**INSTRUCTIONS TO FOLLOW:**
Without including any images, repeat the data exactly.

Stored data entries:
━━━━━━━━

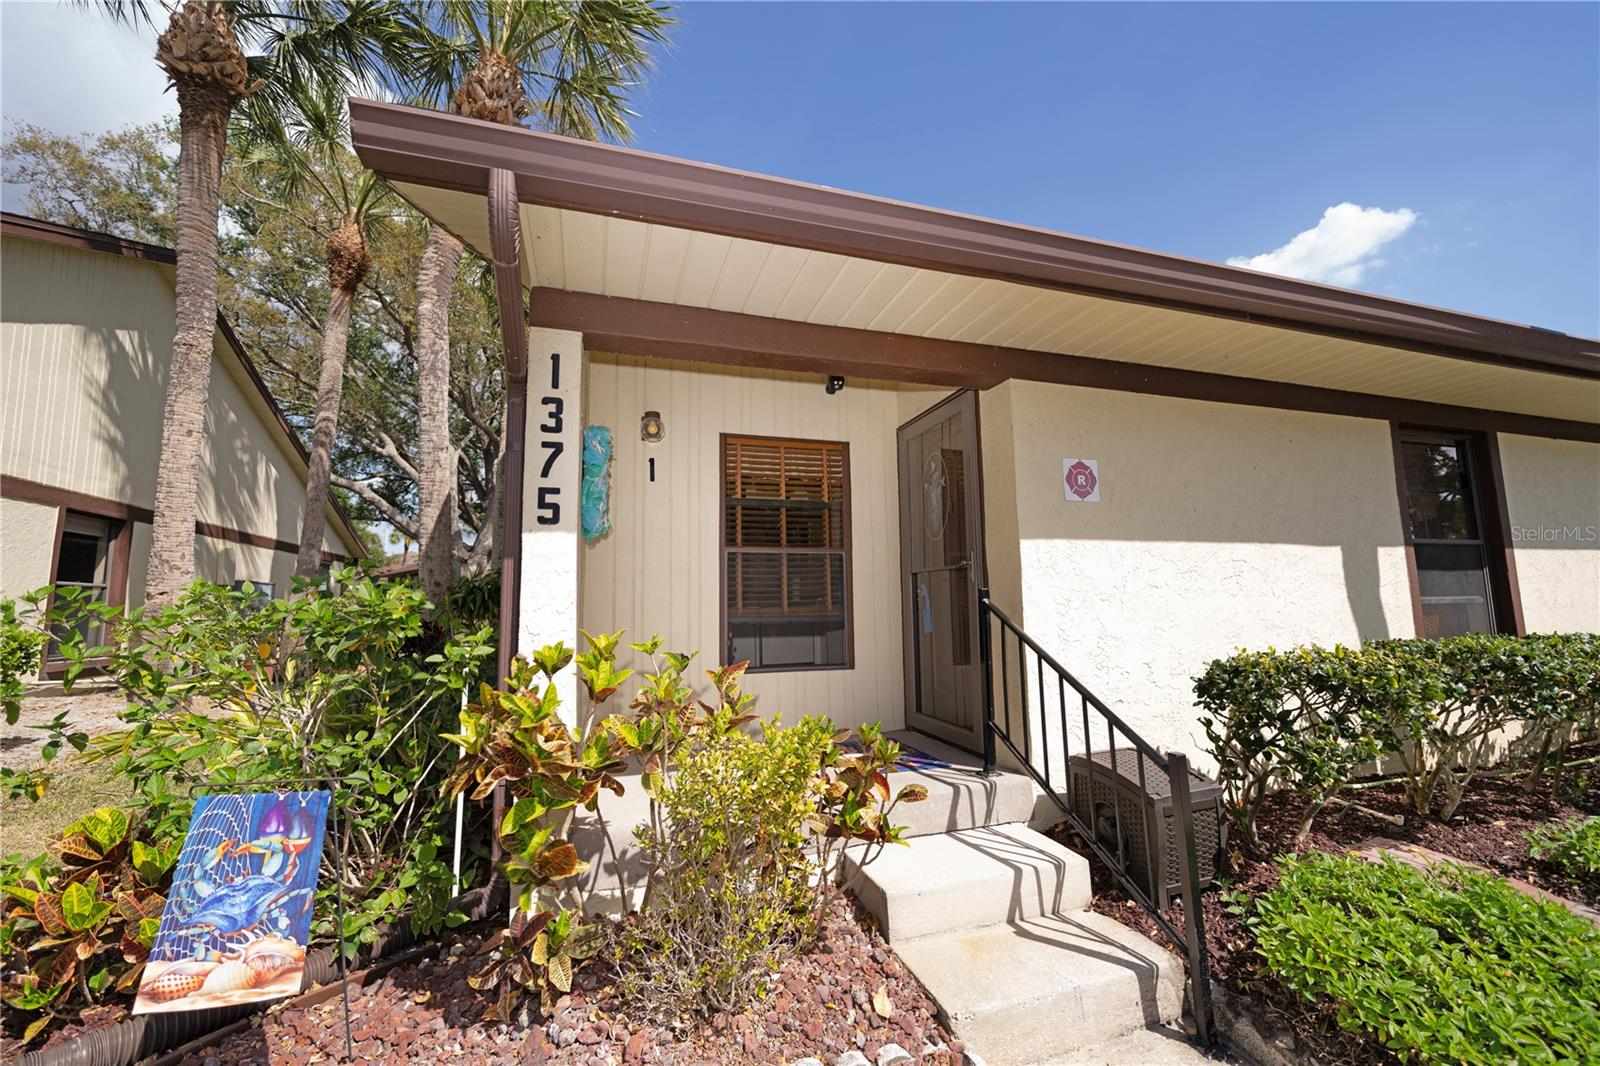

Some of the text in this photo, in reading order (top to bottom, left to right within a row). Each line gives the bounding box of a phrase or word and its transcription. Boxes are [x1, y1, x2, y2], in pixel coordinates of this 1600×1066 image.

[537, 353, 564, 525] 1375
[648, 457, 655, 482] 1
[1077, 474, 1087, 486] R
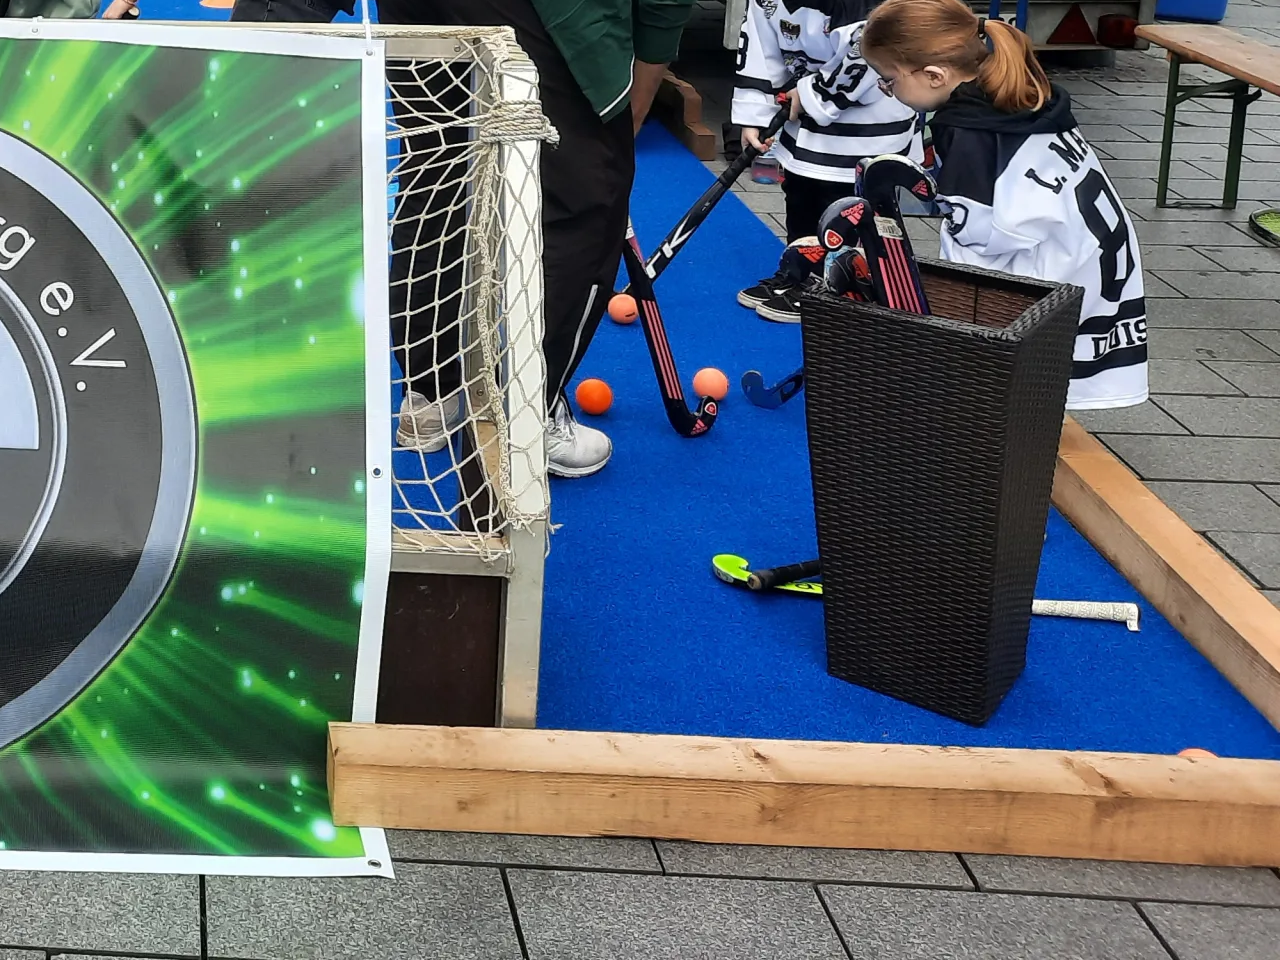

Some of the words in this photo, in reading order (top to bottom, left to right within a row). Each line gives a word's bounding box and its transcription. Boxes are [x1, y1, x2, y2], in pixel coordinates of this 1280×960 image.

[1025, 167, 1068, 195] L.
[1074, 167, 1135, 302] 8
[39, 281, 128, 393] e.V.

━━━━━━━━

**RESULT OF THE EXERCISE:**
Some of the text in this photo, in reading order (top to bottom, left to right within a row). Each line gives the bounding box of a phrase or word and its transcription. Boxes are [x1, y1, x2, y2], in pixel coordinates of this 1600×1066 image.

[537, 353, 564, 525] 1375
[648, 457, 655, 482] 1
[1077, 474, 1087, 486] R

Some of the words in this photo, in reading order (top to bottom, left to right within a row). Each line gives a word's bounding box and its transcription. Boxes are [x1, y1, x2, y2], in pixel coordinates of this 1280×960 image.

[1025, 167, 1068, 195] L.
[1074, 167, 1135, 302] 8
[39, 281, 128, 393] e.V.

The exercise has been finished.